2学期始動、将棋名人誕生
1997年9月8日
 9月1日からいよいよ新学期が始まった。最初の2日間は実力試験。それがすめばただちに文化祭の準備に入る。14日が文化祭、16日が体育祭である。放課後の校内は今、生徒たちに占拠されている。

 棋道部の場合は大した準備があるわけではない。前日に部屋の装飾をして、碁盤、将棋盤を並べる。事前にやるのはパンフレット作りだけ。それは全員で取りかかるようなものでもない。そんなわけで、他の文化部やパートがあわただしく働いている中で、わが棋道部員はのんびり構えている。

 生徒に任せているのではあるが、こんなことでいいのかと、少々心配になることもある。

 この夏休み、中3生のK君が将棋で全国優勝した。中学生名人になったのだ。詳しくは愛光ホームページの棋道部欄に載せている。愛光始まって以来の快挙といえる。彼の将棋は、素人将棋の域を超えている。名人位がフロックでない証拠に、それに続く全国レベルの大会すべてを制した。

 上の娘が2週間あまりの予定でタスマニア島を旅している。ホテルの予約も何もないふらっと一人旅。同じやり方でこの春には、オーストラリア大陸を回った。昔は考えられなかった、現代流大学生の余暇の過ごし方らしい。

台風19号、オゾン層破壊
1997年9月16日
 大型で強い台風。来るぞ、来るぞの前触れが異様に長い台風。ある時は足踏みまでして気をもませた台風。待ちくたびれてすっかり興ざめの頃にやってくる台風。

 学校では、14日の文化祭は何とか実施したものの、それ以降の行事がすっかり狂わされてしまった。本来なら15日が文化祭の後かたづけ、そして今日(16日)は運動会のはず。ところが昨日、台風襲来の影に踊らされて後かたづけができず、今日は今日で、待ちくたびれたところへいよいよ真打ち(台風19号)の登場。せっかく登校した生徒を早々と帰し、明日もう一日かけて後かたづけをすることになった。

 運動会は、雨後のグラウンド状況も考慮して19日(金)に延期となる。自然の力の前に、人間の何と無力なことか。
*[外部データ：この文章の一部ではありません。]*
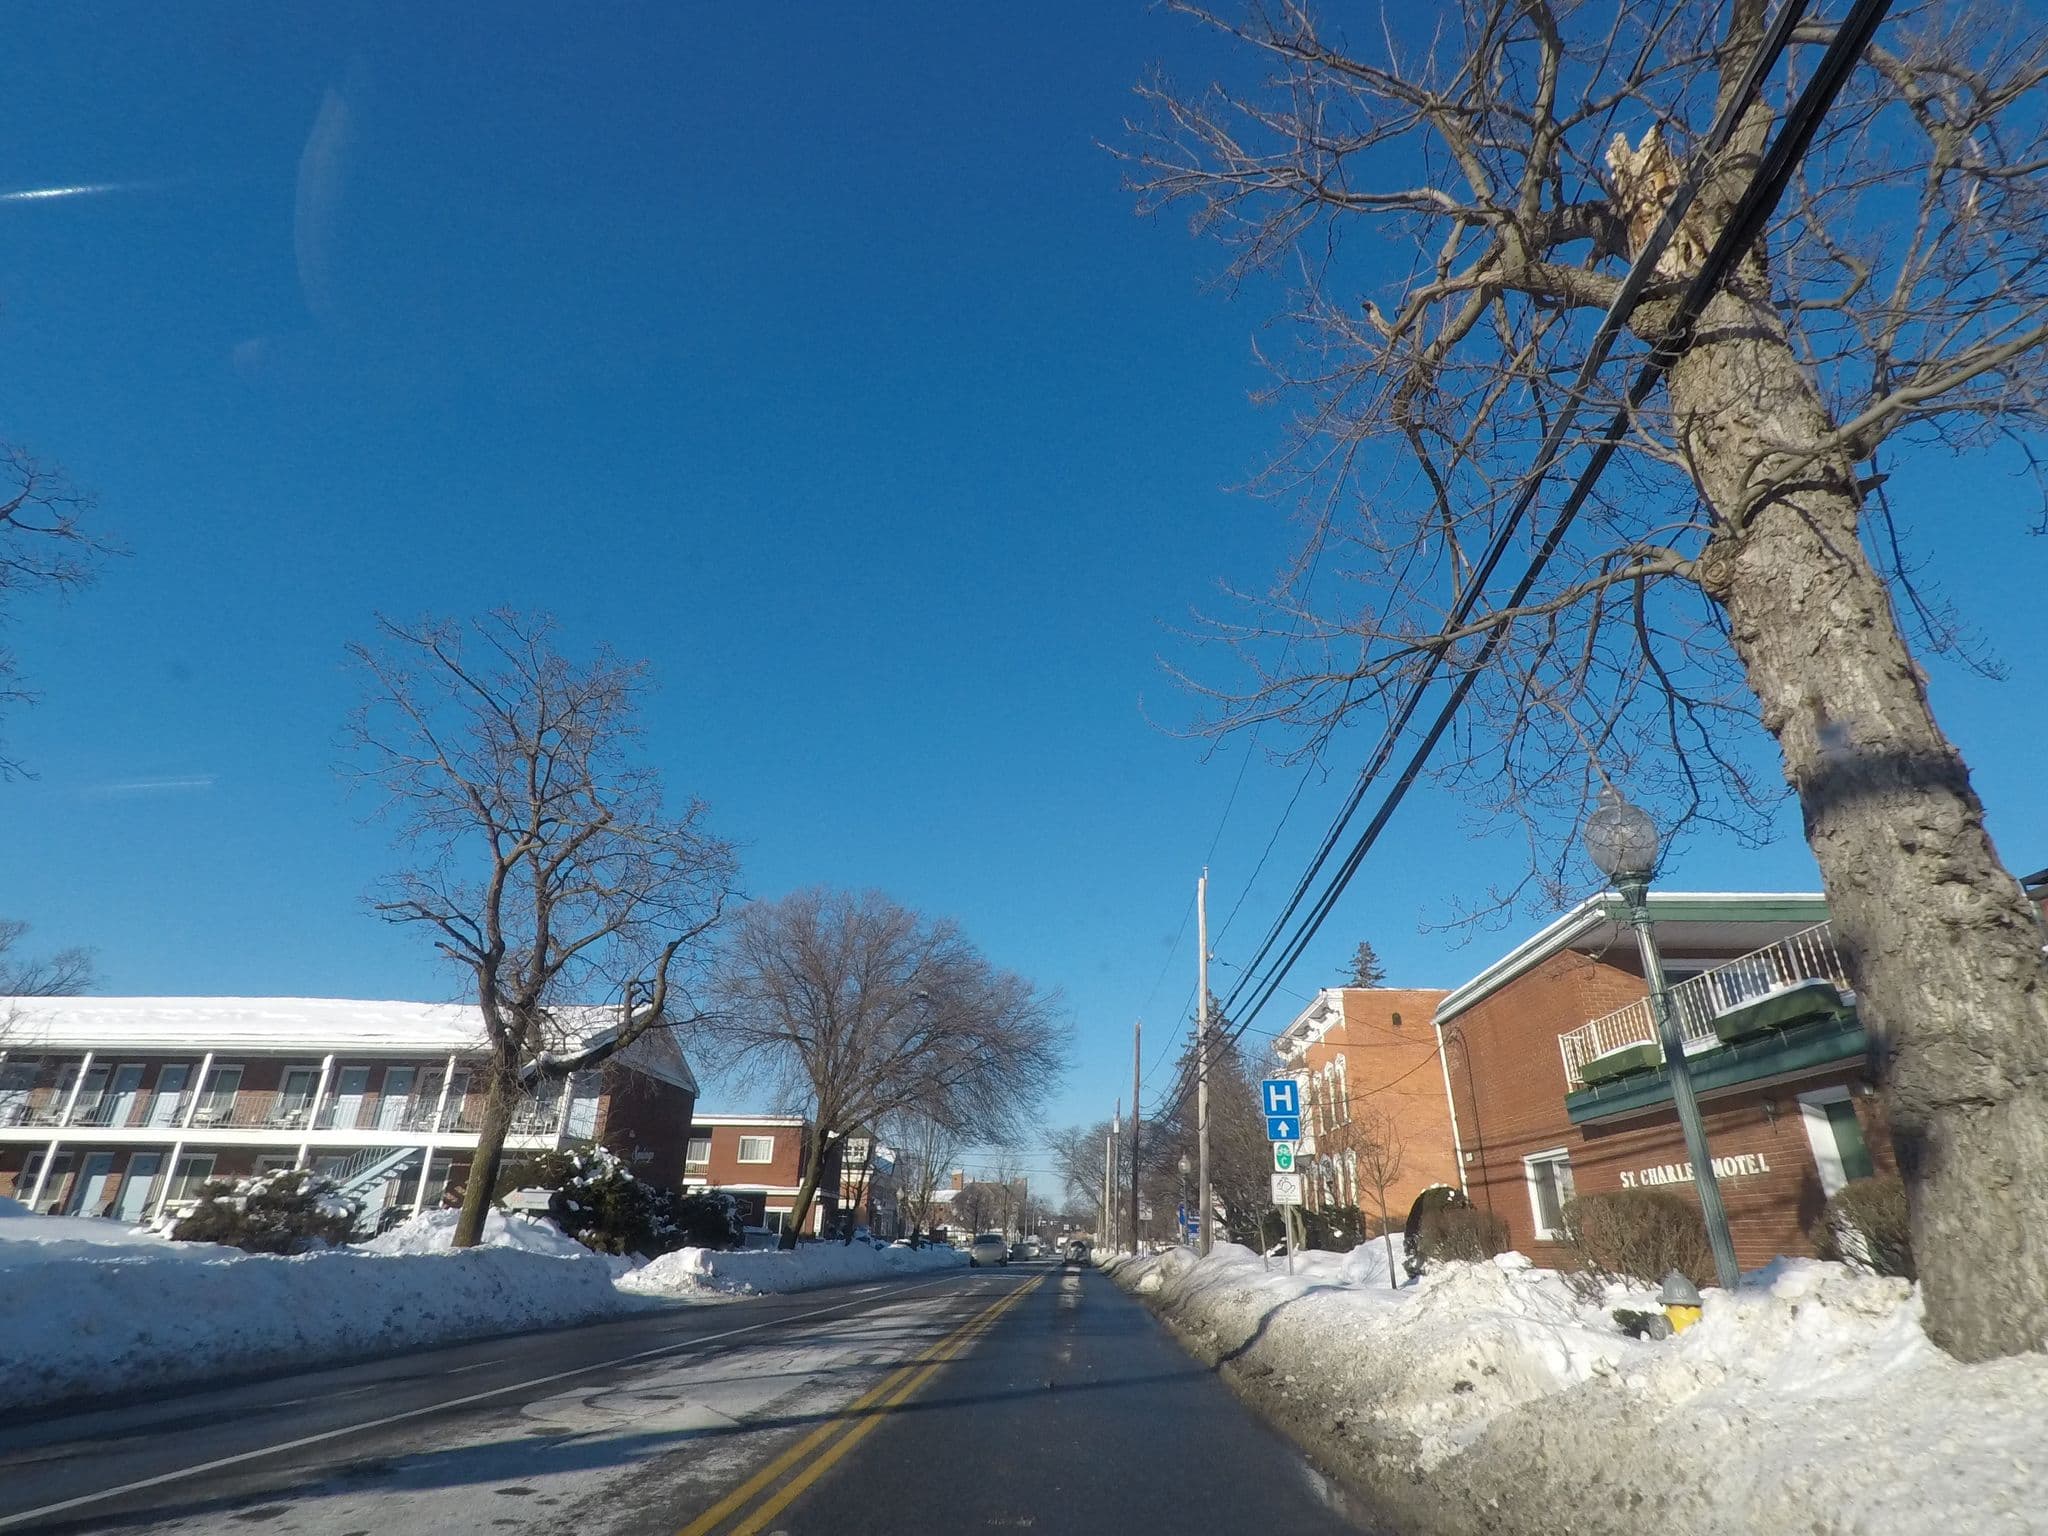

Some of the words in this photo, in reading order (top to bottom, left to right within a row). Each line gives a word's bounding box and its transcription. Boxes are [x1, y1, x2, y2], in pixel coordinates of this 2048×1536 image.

[1269, 1085, 1293, 1112] H
[1620, 1171, 1639, 1187] ST.
[1640, 1162, 1697, 1186] CHARLE
[1711, 1153, 1771, 1178] MOTEL
 無力のはずの人間が自然に重大な危害を加えることもある。オゾン層の破壊はその典型。そもそも数億年の昔、生命が水中から陸上に上がることができた最大の要因は、酸素とオゾン層であった。光合成植物の働きで大気中の酸素濃度が増し、それとともに上空にオゾン層が形成された。オゾン層の紫外線遮蔽効果の結果、陸上は初めて生命にとって危険な場所でなくなった。それまで直射日光の届かない水中でしか生活できなかった生命に、ようやく春が来たと言える。太陽光を仰ぐ生活が可能になったのだ。

 地球史の長い過程を一気に逆戻りさせるオゾン層破壊は、地球上の全生命の尊厳に対する冒涜であろう。

様々な運動会
1997年9月25日
 わが愛光学園では、台風の影響で延期になった運動会が、9月19日に行われた。秋晴れ。生徒たちにとっては、この上ないスポーツ日和となった。

 元気に駆け回り、棒奪い・棒倒し・騎馬戦など闘争本能をむき出しにする競技にも、男子校らしいファイトを燃やす。飾りものはほとんどない。質実剛健の運動会であった。

 9月21日には、私の下の子が通う養護学校の運動会があった。

 こちらは体の不自由な子供たちの、けなげで精一杯の運動会だ。走ることも、歩くこともできず、車椅子を押してもらいながら、出せる力を極限の努力で絞り出す子供たち。

 障害を持つ子供たちの無邪気で明るい解放性に、いつも私は自分を反省する鏡を見せられる思いがする。人を疑ったり、だましたりの、要らぬ駆け引きを少しも知らない彼らは、生きることの意味を全き姿で私たちに示してくれている。

 もちろん、「彼ら」と呼ぶ中には私の娘も入る。毎日私は娘から命の尊さを教えてもらっている。